The other half of the time I think this:
http://digbysblog.blogspot.com/2009/08/breaking-dam-by-dday-im-going-to-have.html"Breaking The Dam
by dday
I'm going to have to pretty much agree with Thers' take:
Like I said over at the Cerulean Cherub's place, getting a health care bill passed through reconciliation would be great fun even if it were a crap bill <...>
From a democratic (small d) perspective, the Senate has been asking for it for a long time now. The filibuster is not a constitutional tradition, and as we've seen, amply, is a safeguard of made-up Senatorial principles, not democratic principles, and the public good be damned.
Yes, we need sane healthcare, but we need lots of sane things that we're not getting because of the absurdities that the Senate enables -- Max Baucus directly represents fewer than a million people, and has extensive power over the healthcare of over 300 million Americans. Why? Because he's a fucking healthcare maven genius! Or not! It's all amazingly silly.
A case could be made that whatever the content of any specific bill, a punch to the solar plexus of the pudgy, complacent Senate would be good for the nation. The nation's health literally rests at the whim of a very small number of individuals who are only directly accountable to a very, very small percentage of the nation's voters. Whatever this is, it's not democracy.
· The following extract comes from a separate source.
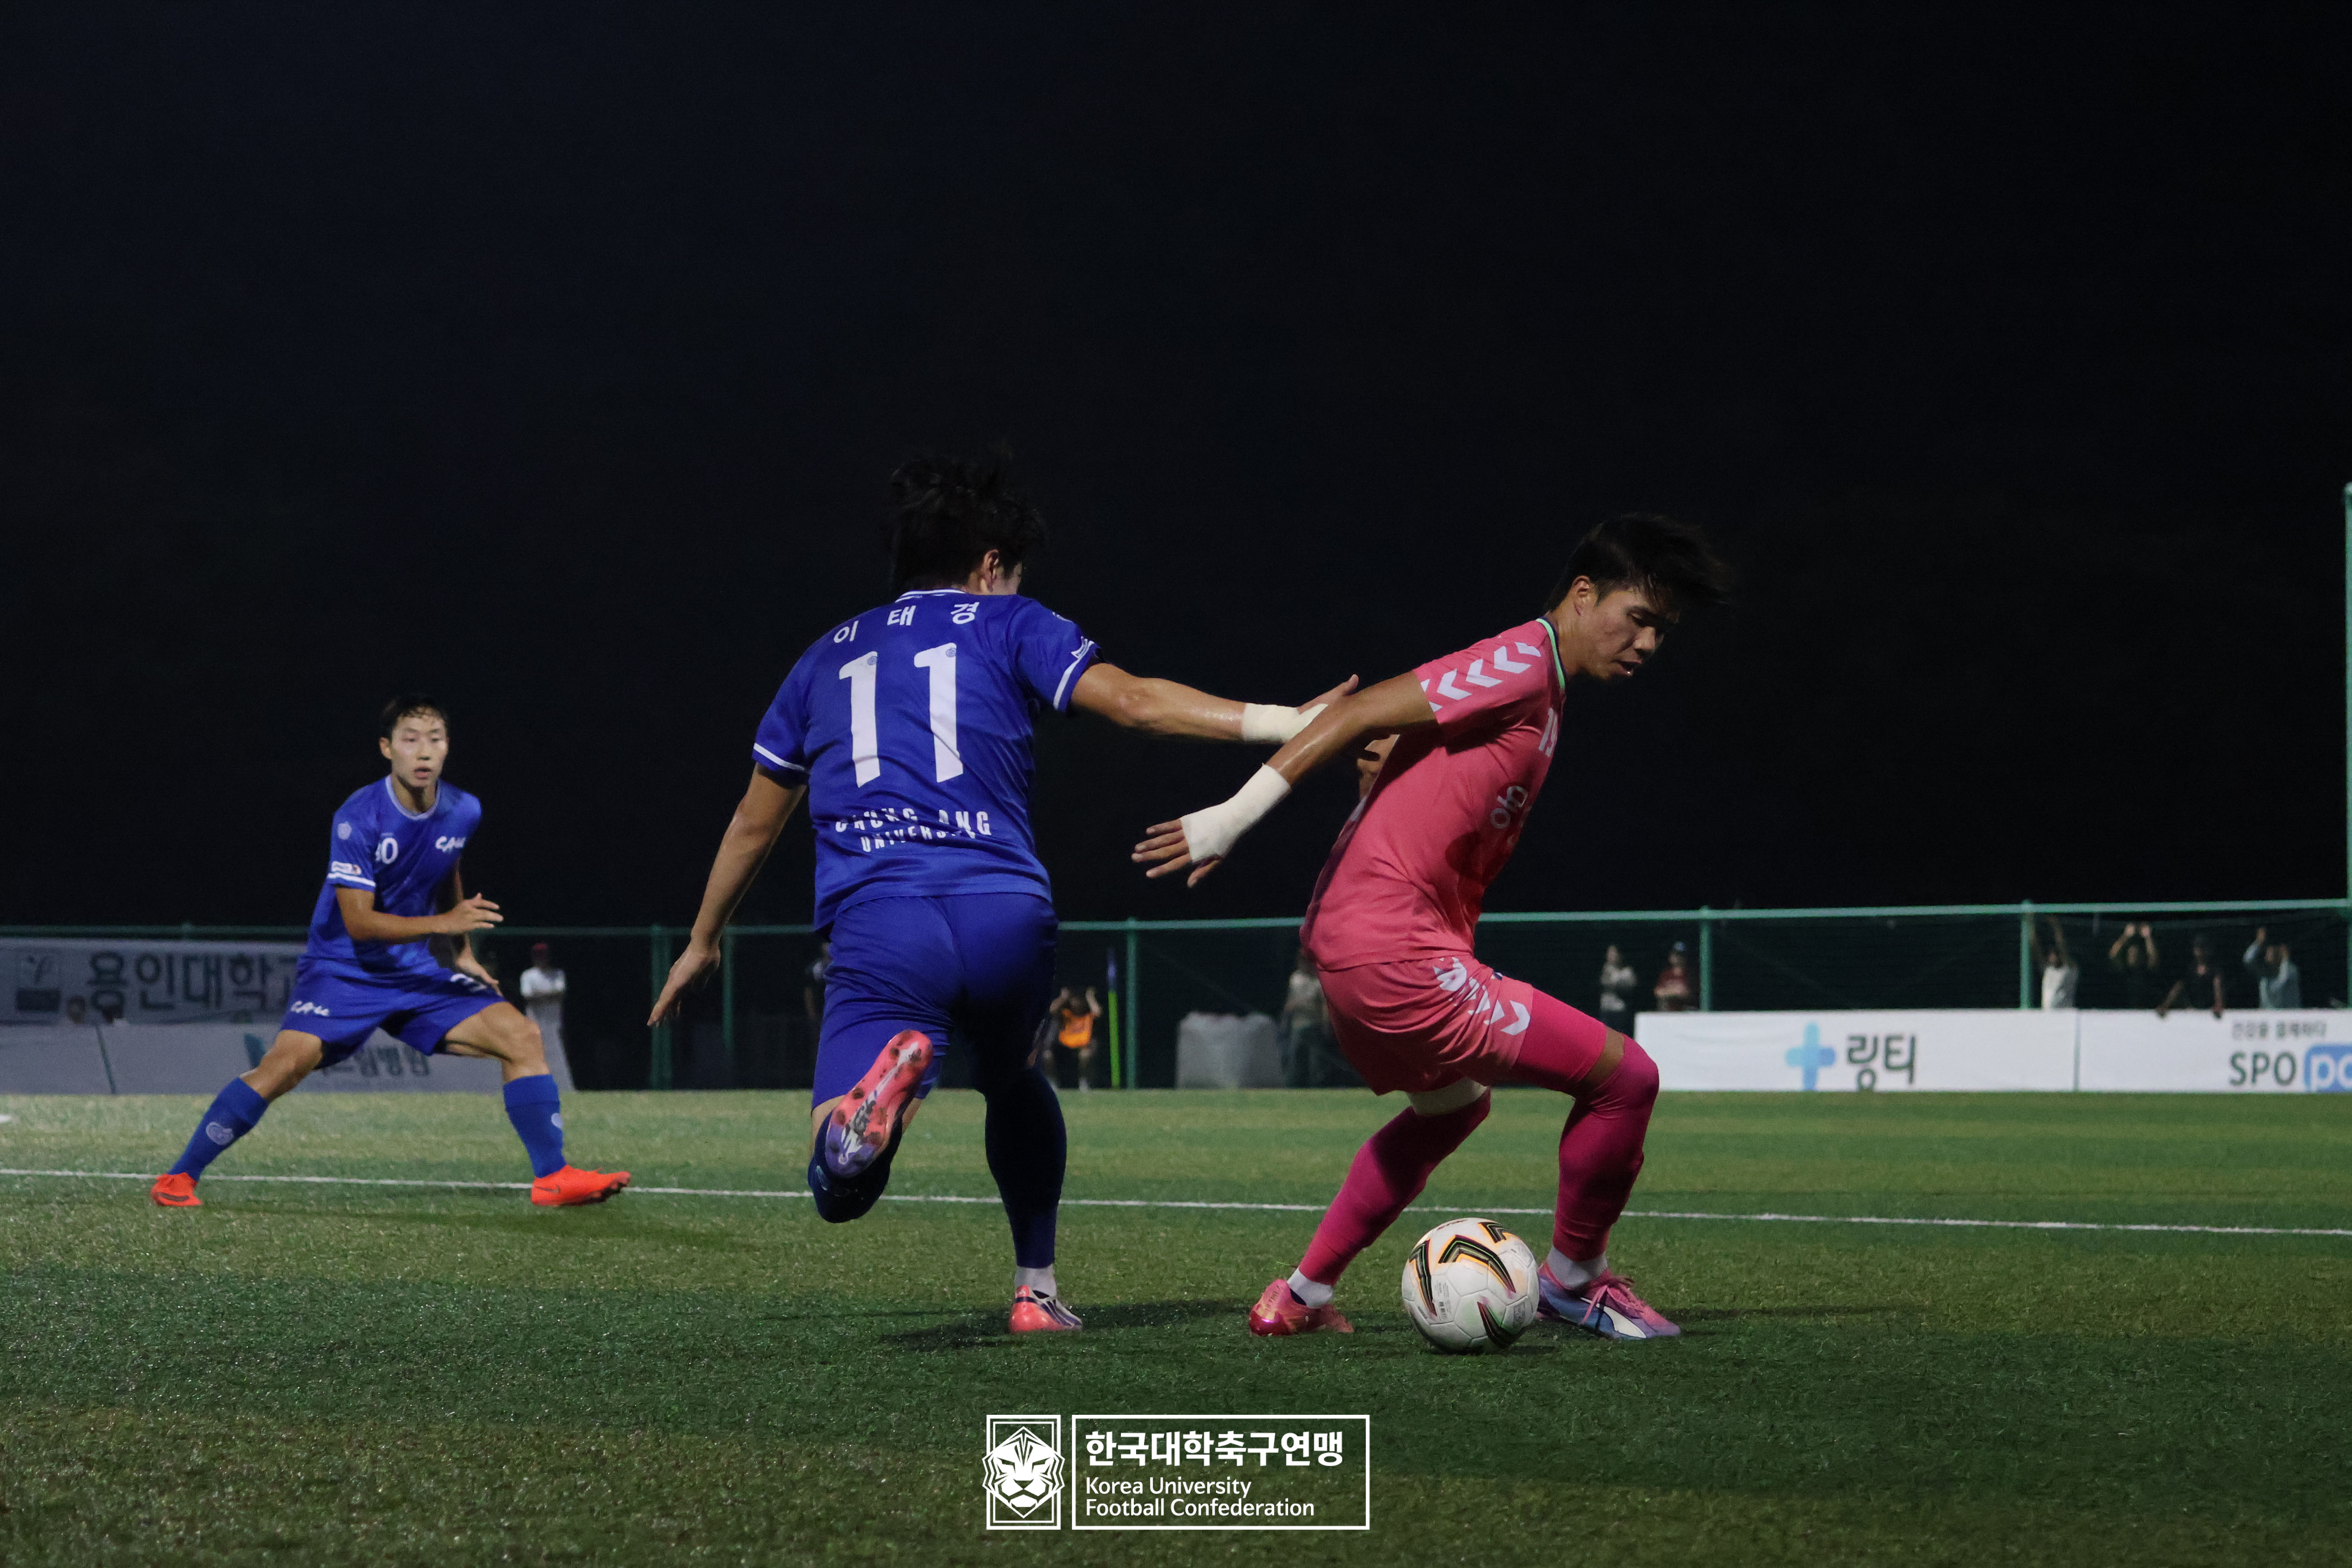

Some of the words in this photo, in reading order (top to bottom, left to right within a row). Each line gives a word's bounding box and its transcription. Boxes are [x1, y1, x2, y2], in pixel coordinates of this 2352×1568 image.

[838, 642, 964, 788] 11
[1847, 1034, 1916, 1091] 링티
[2229, 1051, 2297, 1086] SPO
The Senate has basically gotten completely out of control. It was conceived as a saucer to "cool the cup" of the passions of the House, but there's a fine line between that and freezing the cup and throwing it into a meat locker. If the Senate were instituted after passage of the 14th Amendment, the Supreme Court would likely have found it unconstitutionally in violation of the equal protection clause. California has 69 times as many citizens as Wyoming, and yet their citizens get the same amount of Senate representation. The Senate was a bad compromise put in by the Blue Dogs of the 18th century.